WHAT YOU ARE ASKED TO DO:
Below are records; print only the lines from the line containing "this 1500×1688 image." to the end, both included, reproduced exactly and without the pictures.

Stored data entries:
== Segment start ==

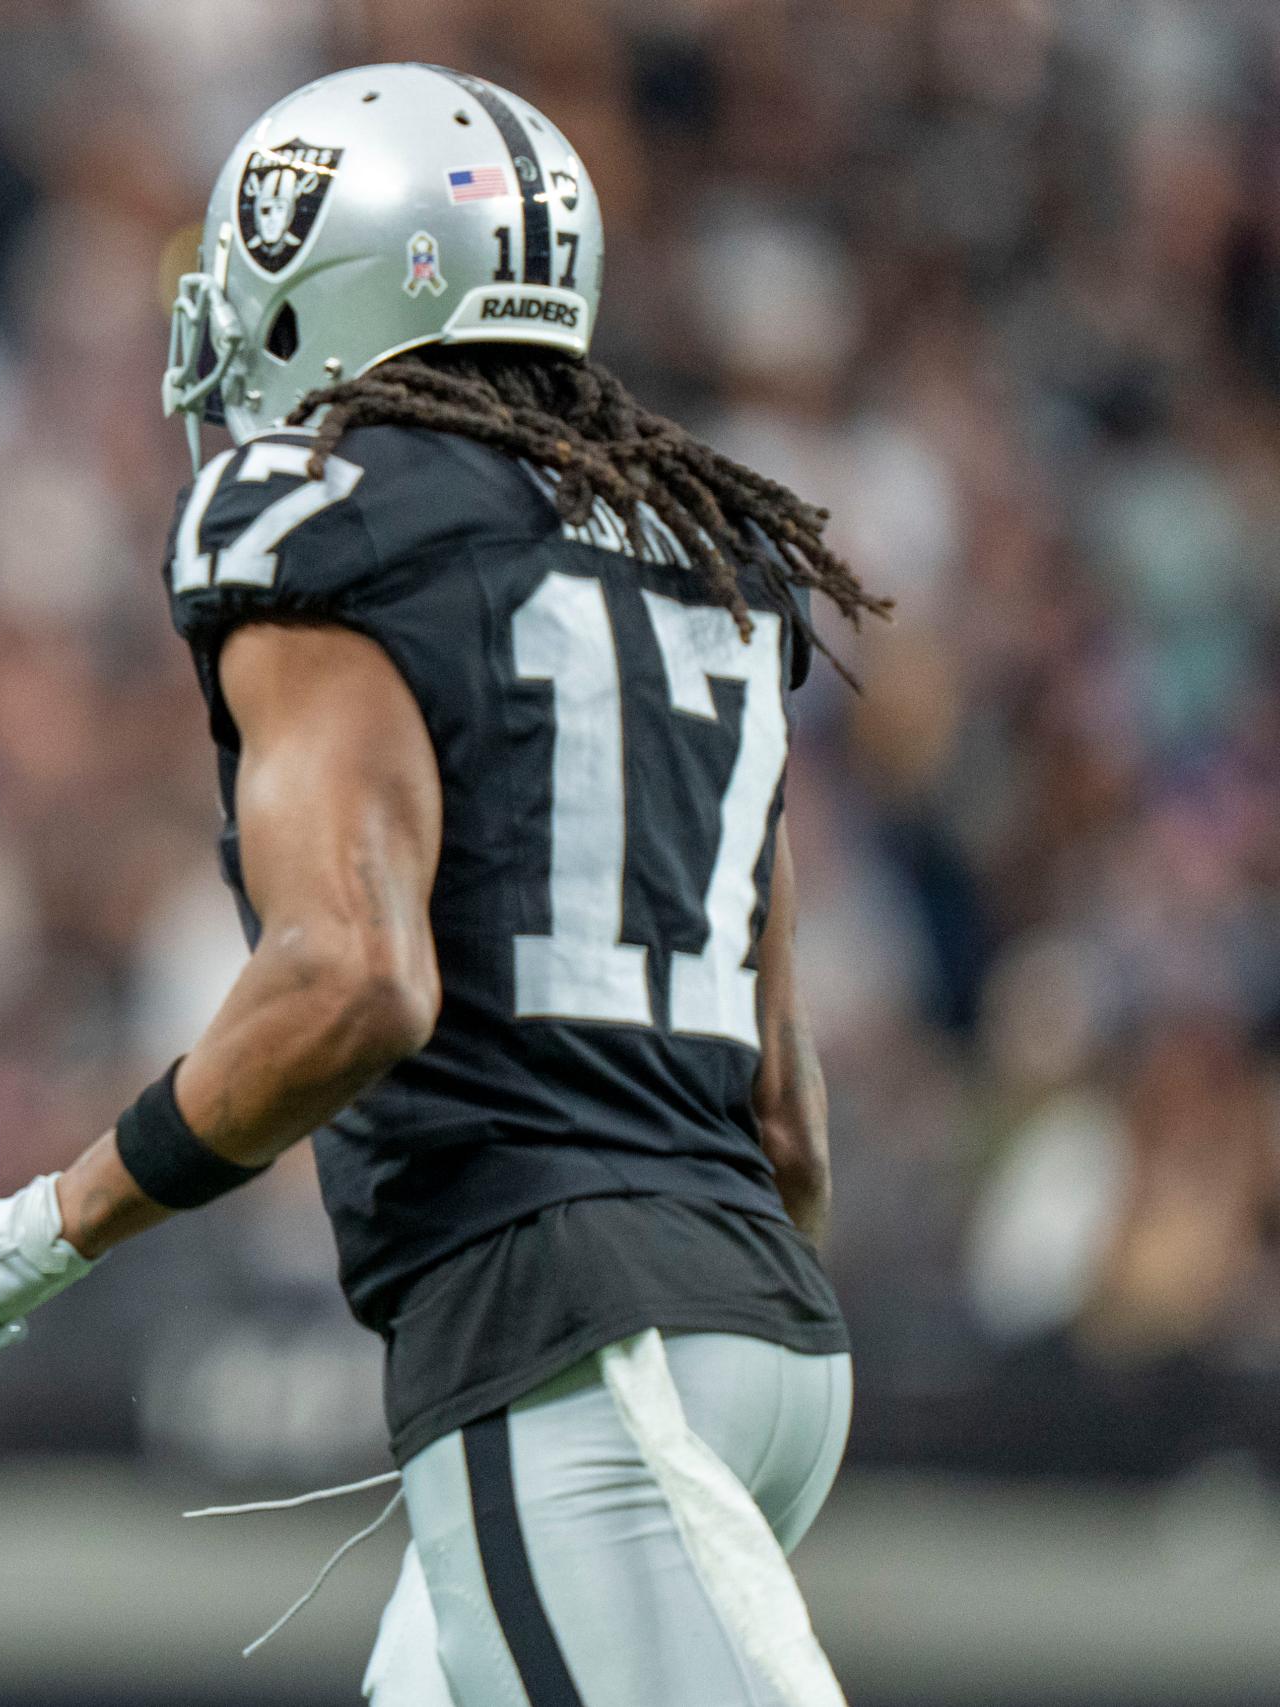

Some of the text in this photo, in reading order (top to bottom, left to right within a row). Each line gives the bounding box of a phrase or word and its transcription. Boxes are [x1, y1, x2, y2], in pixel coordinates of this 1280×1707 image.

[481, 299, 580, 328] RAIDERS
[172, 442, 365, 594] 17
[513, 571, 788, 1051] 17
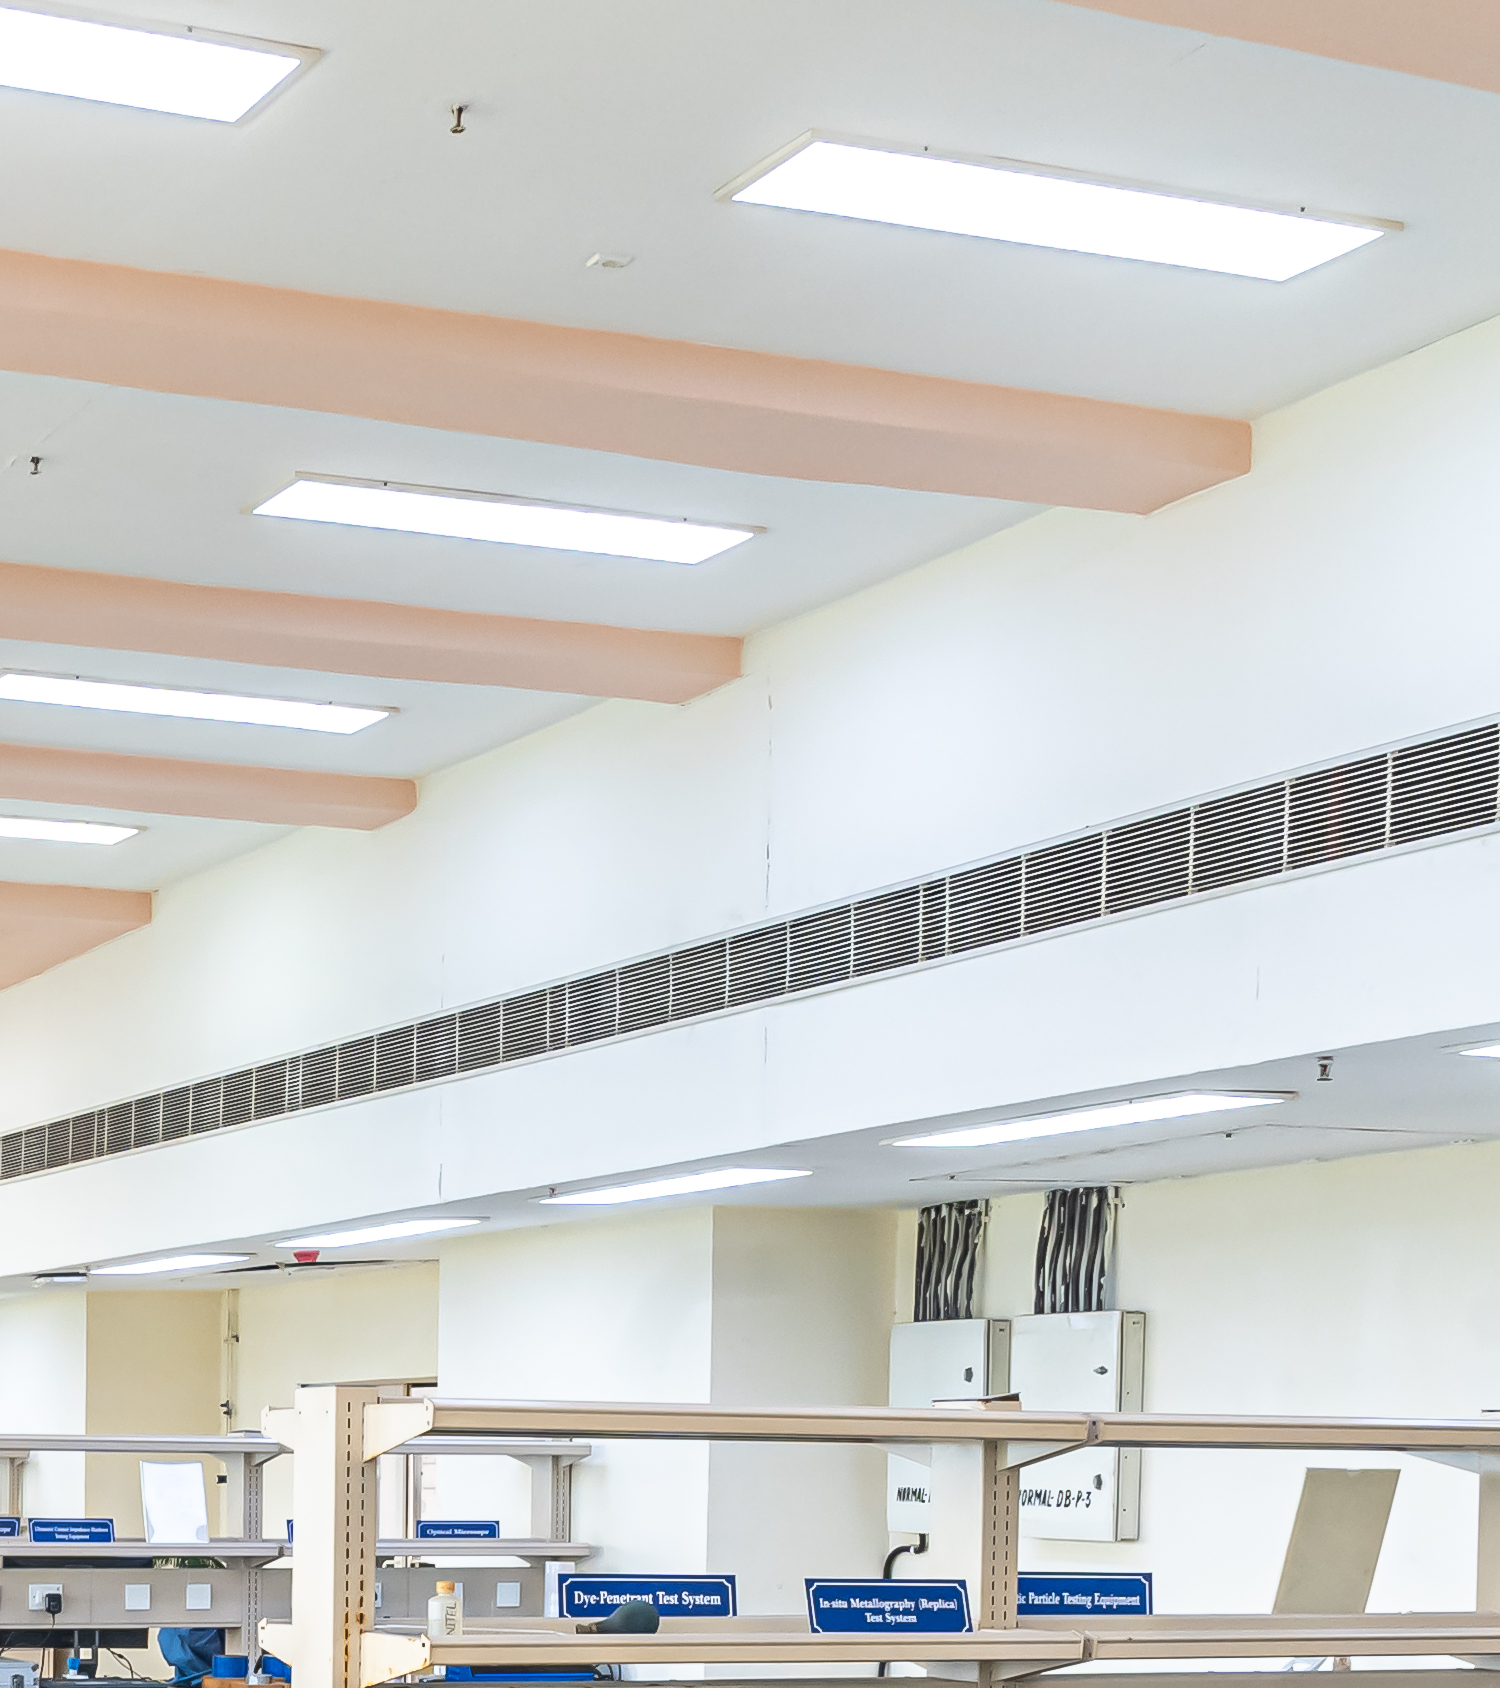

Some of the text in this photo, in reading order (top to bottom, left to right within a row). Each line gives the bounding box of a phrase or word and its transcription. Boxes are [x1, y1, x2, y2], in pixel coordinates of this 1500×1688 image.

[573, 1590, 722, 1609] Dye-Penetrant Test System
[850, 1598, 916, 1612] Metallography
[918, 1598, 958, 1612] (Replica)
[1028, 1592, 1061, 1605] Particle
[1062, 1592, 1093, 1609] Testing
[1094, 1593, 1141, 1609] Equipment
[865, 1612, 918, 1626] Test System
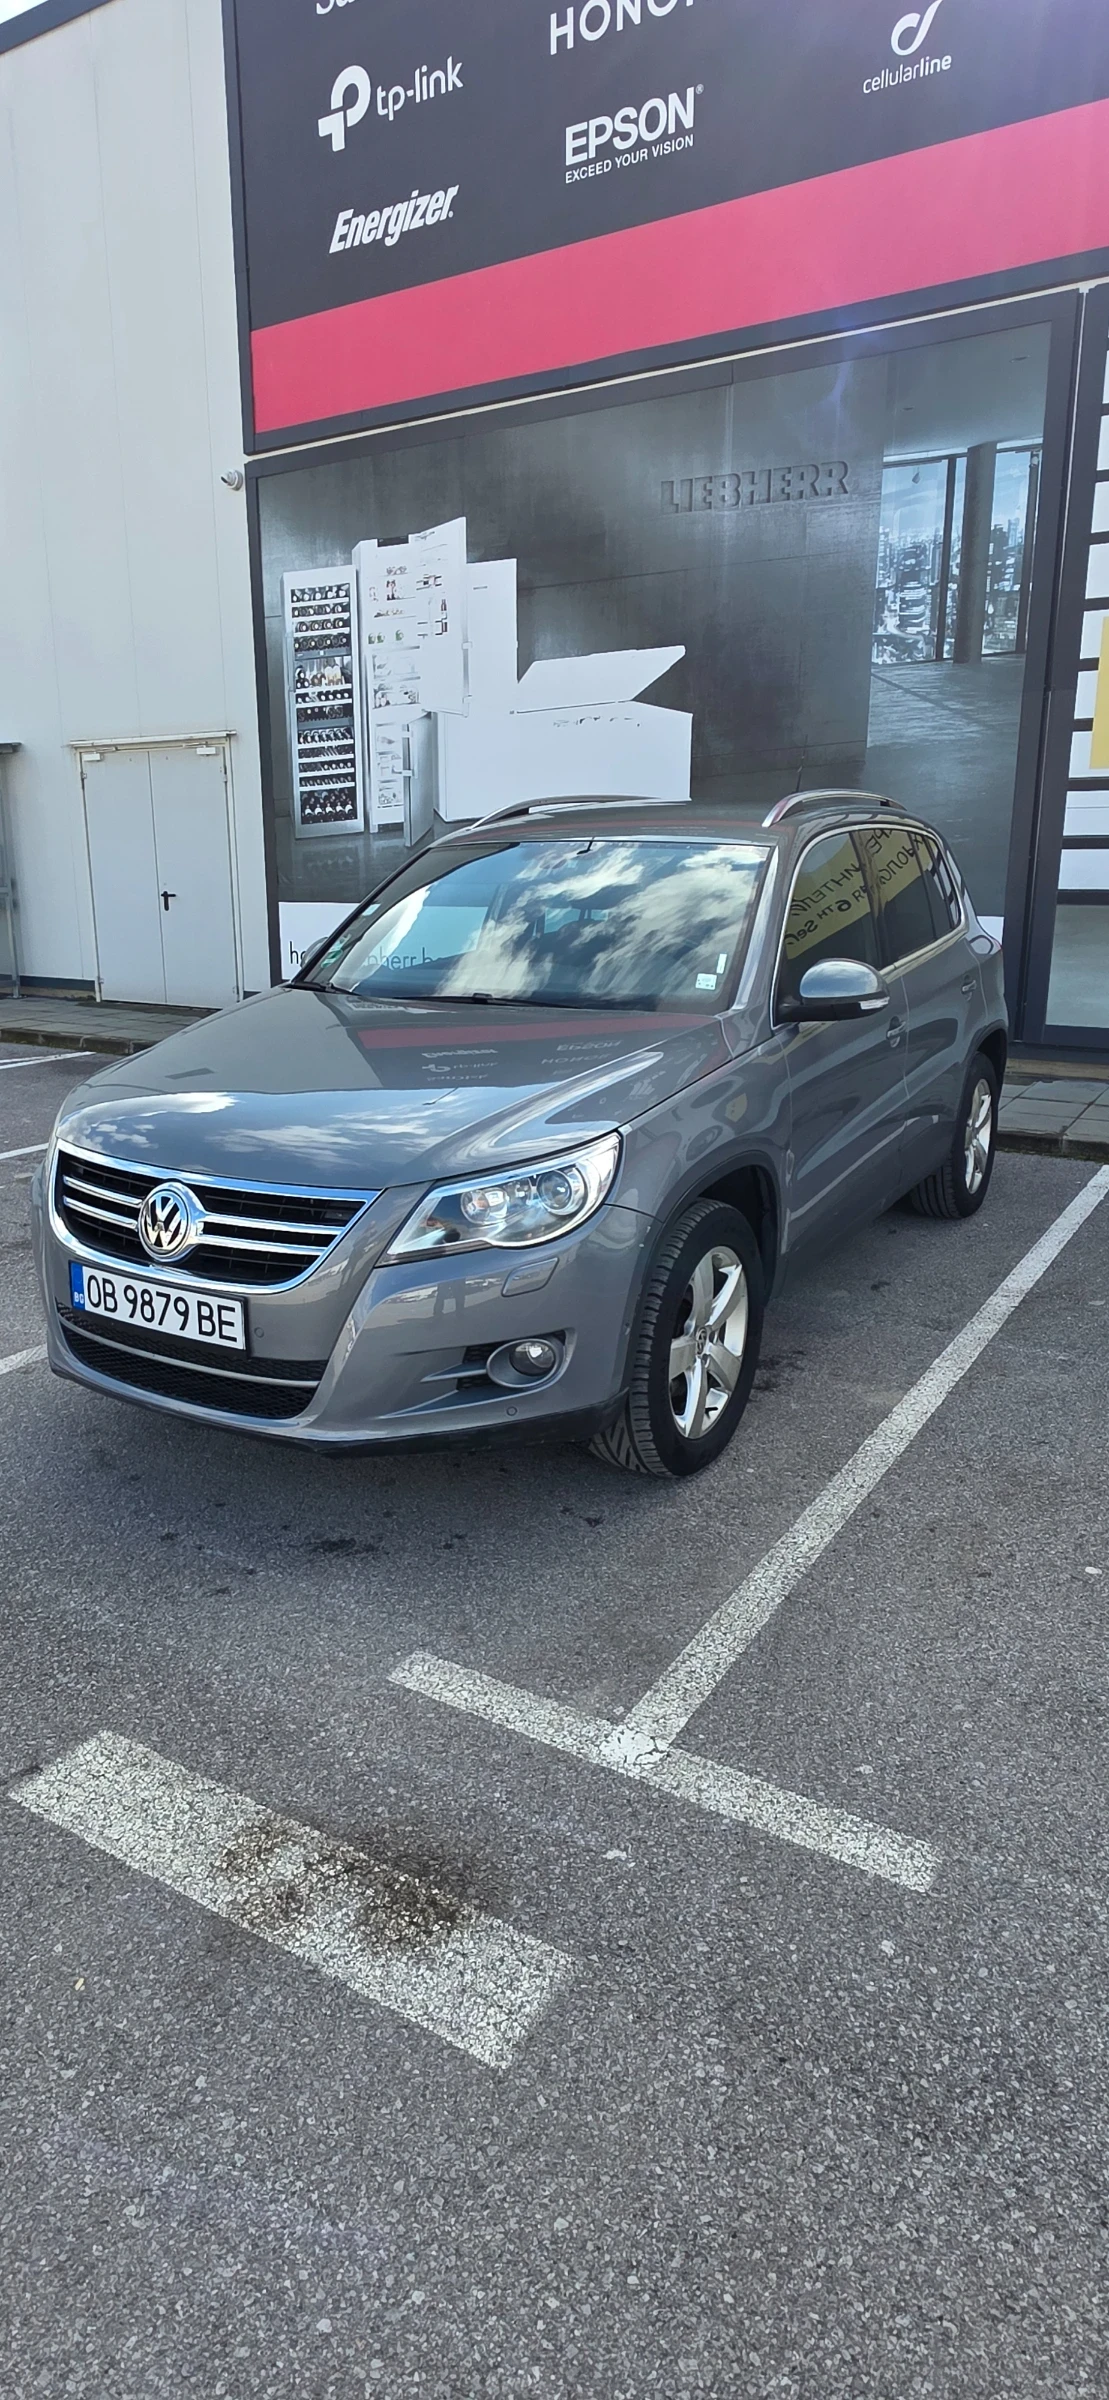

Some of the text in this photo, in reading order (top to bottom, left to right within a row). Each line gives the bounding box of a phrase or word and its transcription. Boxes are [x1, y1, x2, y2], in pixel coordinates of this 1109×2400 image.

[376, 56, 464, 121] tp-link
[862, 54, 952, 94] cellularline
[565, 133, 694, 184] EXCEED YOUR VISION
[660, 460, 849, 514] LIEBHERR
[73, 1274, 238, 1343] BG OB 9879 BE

== Segment end ==

EXERCISE ANSWER:
Some of the text in this photo, in reading order (top to bottom, left to right within a row). Each line gives the bounding box of a phrase or word and its transcription. Boxes are [x1, y1, x2, y2], in pixel coordinates of this 1500×1688 image.

[573, 1590, 722, 1609] Dye-Penetrant Test System
[850, 1598, 916, 1612] Metallography
[918, 1598, 958, 1612] (Replica)
[1028, 1592, 1061, 1605] Particle
[1062, 1592, 1093, 1609] Testing
[1094, 1593, 1141, 1609] Equipment
[865, 1612, 918, 1626] Test System

Some of the text in this photo, in reading order (top to bottom, left to right within a row). Each line gives the bounding box of a phrase or word and its transcription. Boxes are [x1, y1, x2, y2], in pixel coordinates of this 1109×2400 image.

[376, 56, 464, 121] tp-link
[862, 54, 952, 94] cellularline
[565, 133, 694, 184] EXCEED YOUR VISION
[660, 460, 849, 514] LIEBHERR
[73, 1274, 238, 1343] BG OB 9879 BE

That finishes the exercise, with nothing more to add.